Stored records
=====

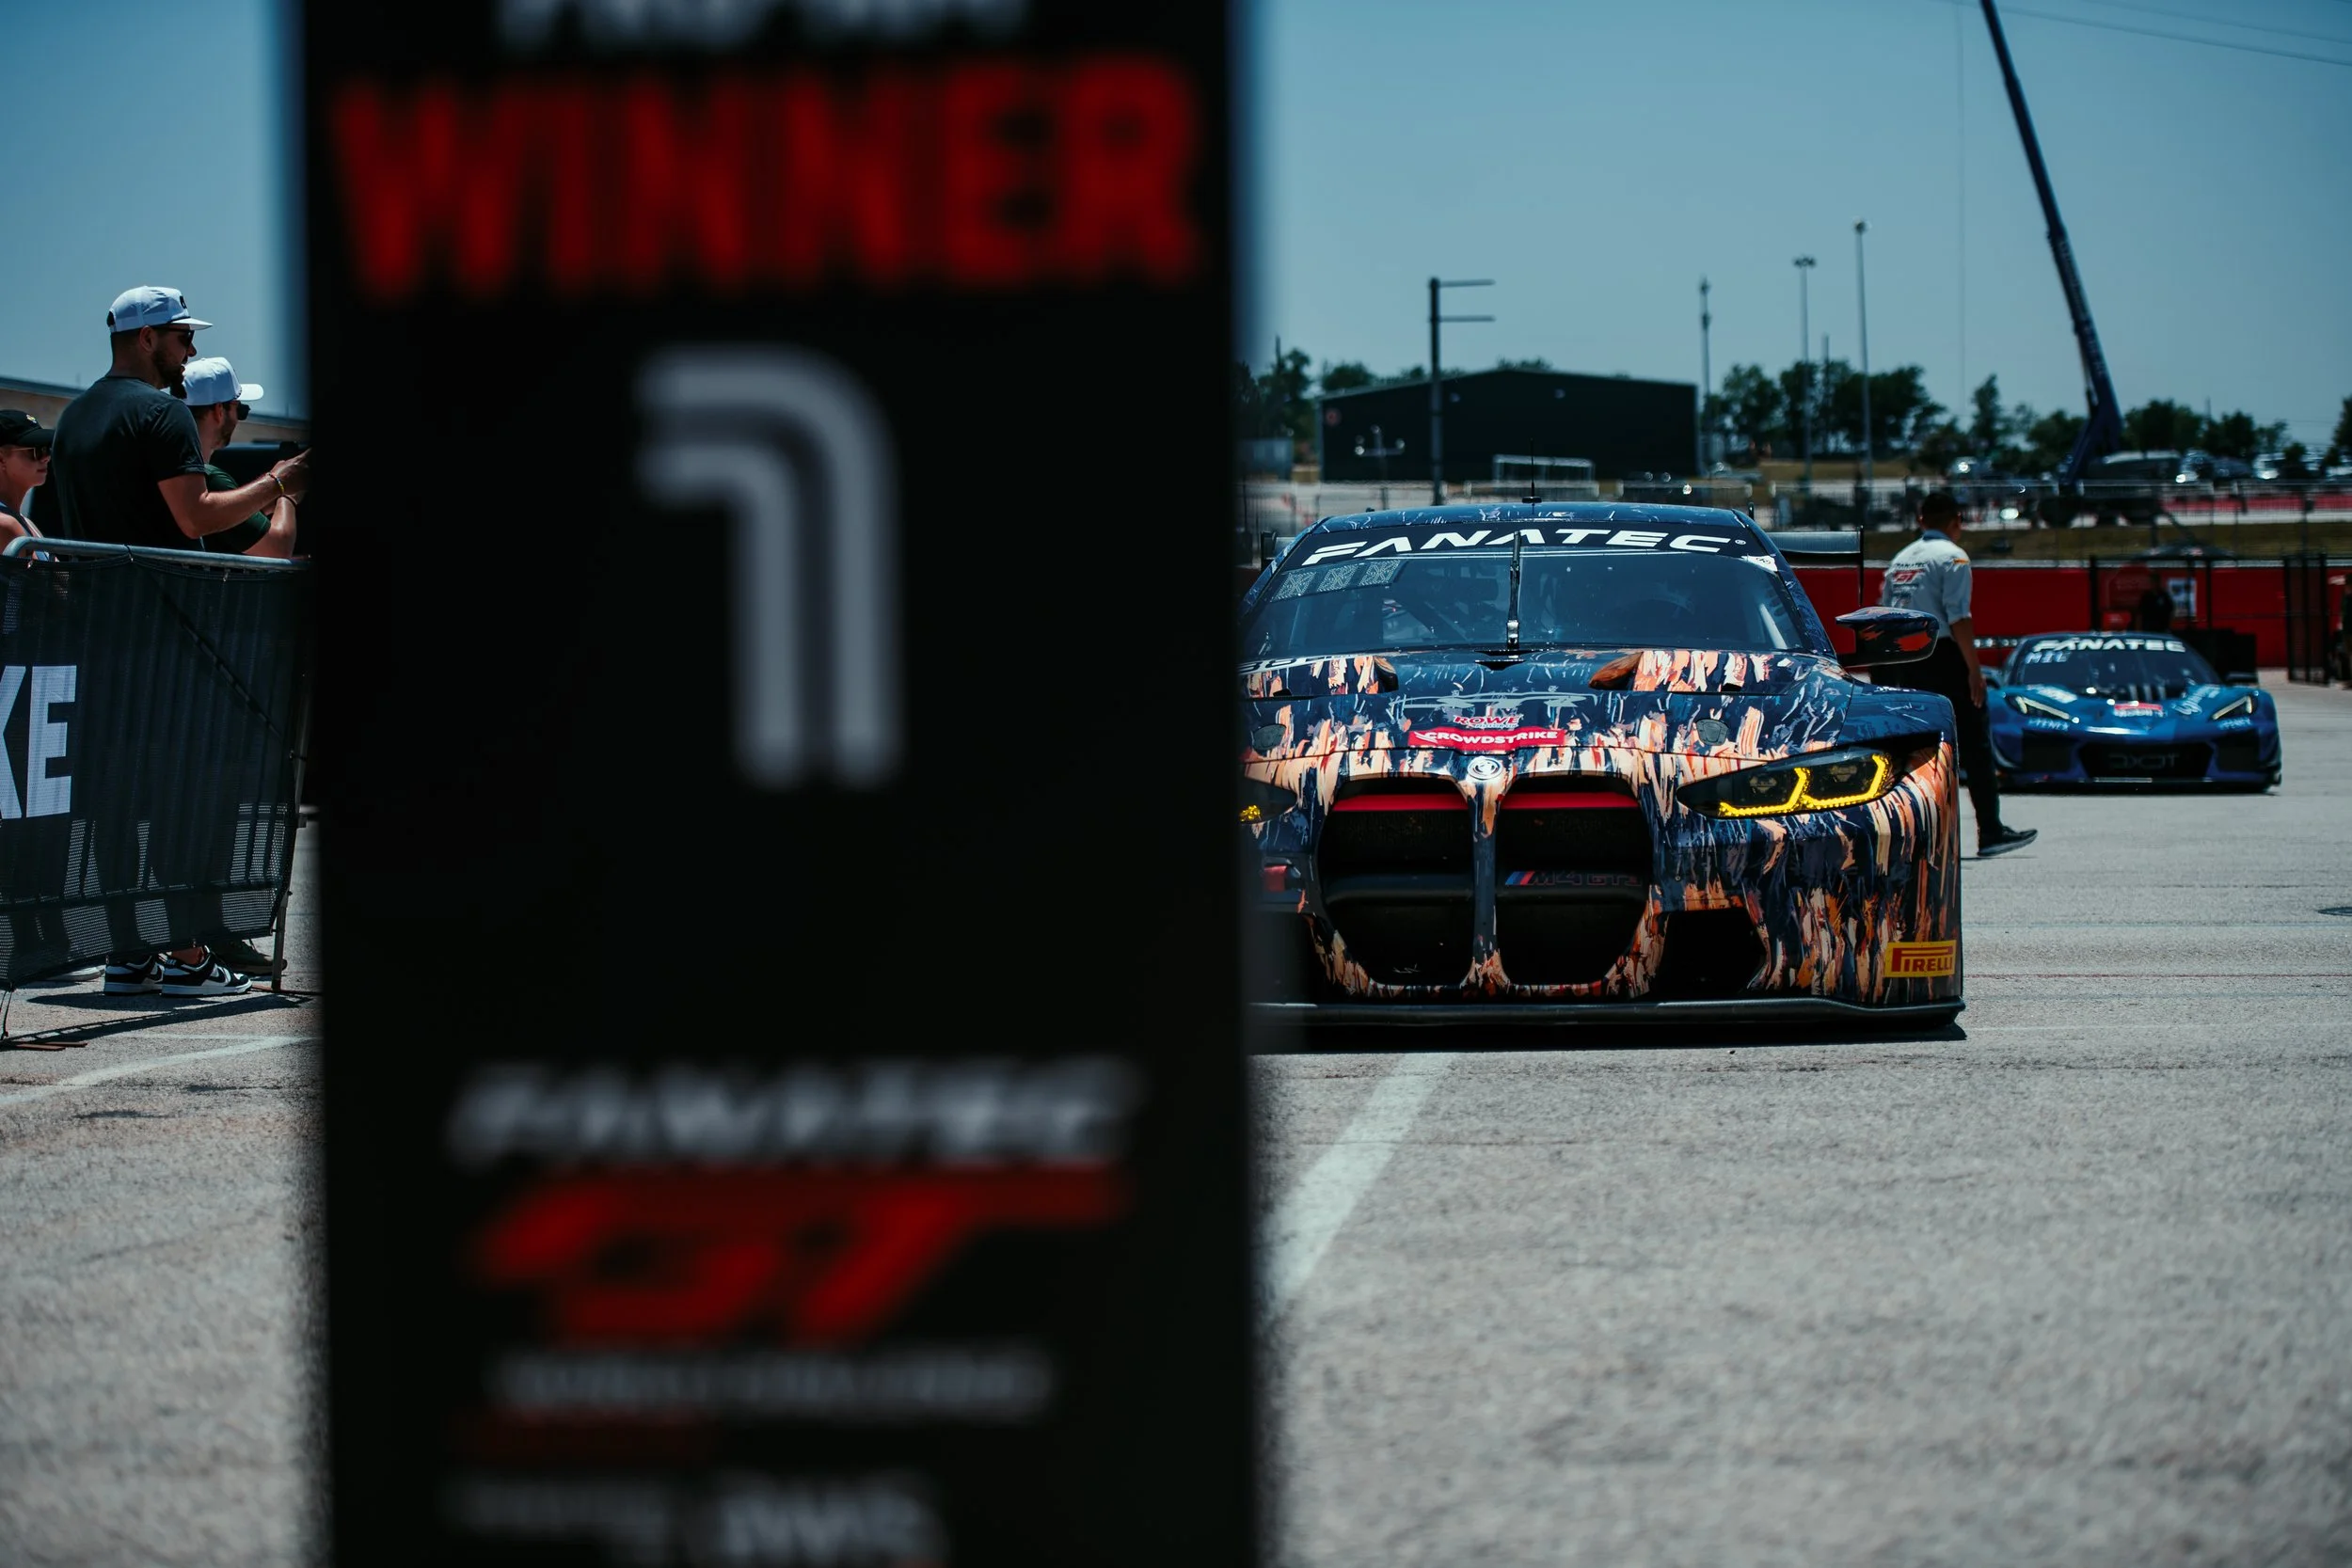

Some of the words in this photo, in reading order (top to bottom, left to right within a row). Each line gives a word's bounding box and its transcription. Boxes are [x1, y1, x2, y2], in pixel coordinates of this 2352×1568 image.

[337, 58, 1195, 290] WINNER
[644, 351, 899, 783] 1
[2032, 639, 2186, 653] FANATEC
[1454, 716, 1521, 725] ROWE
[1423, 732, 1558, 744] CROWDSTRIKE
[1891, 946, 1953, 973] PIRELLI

=====

Try it
You need to copy every entry exactly, taking out only the pictures.

Result below
Some of the words in this photo, in reading order (top to bottom, left to right within a row). Each line gives a word's bounding box and its transcription. Boxes are [x1, y1, x2, y2], in pixel coordinates of this 2352×1568 image.

[337, 58, 1195, 290] WINNER
[644, 351, 899, 783] 1
[2032, 639, 2186, 653] FANATEC
[1454, 716, 1521, 725] ROWE
[1423, 732, 1558, 744] CROWDSTRIKE
[1891, 946, 1953, 973] PIRELLI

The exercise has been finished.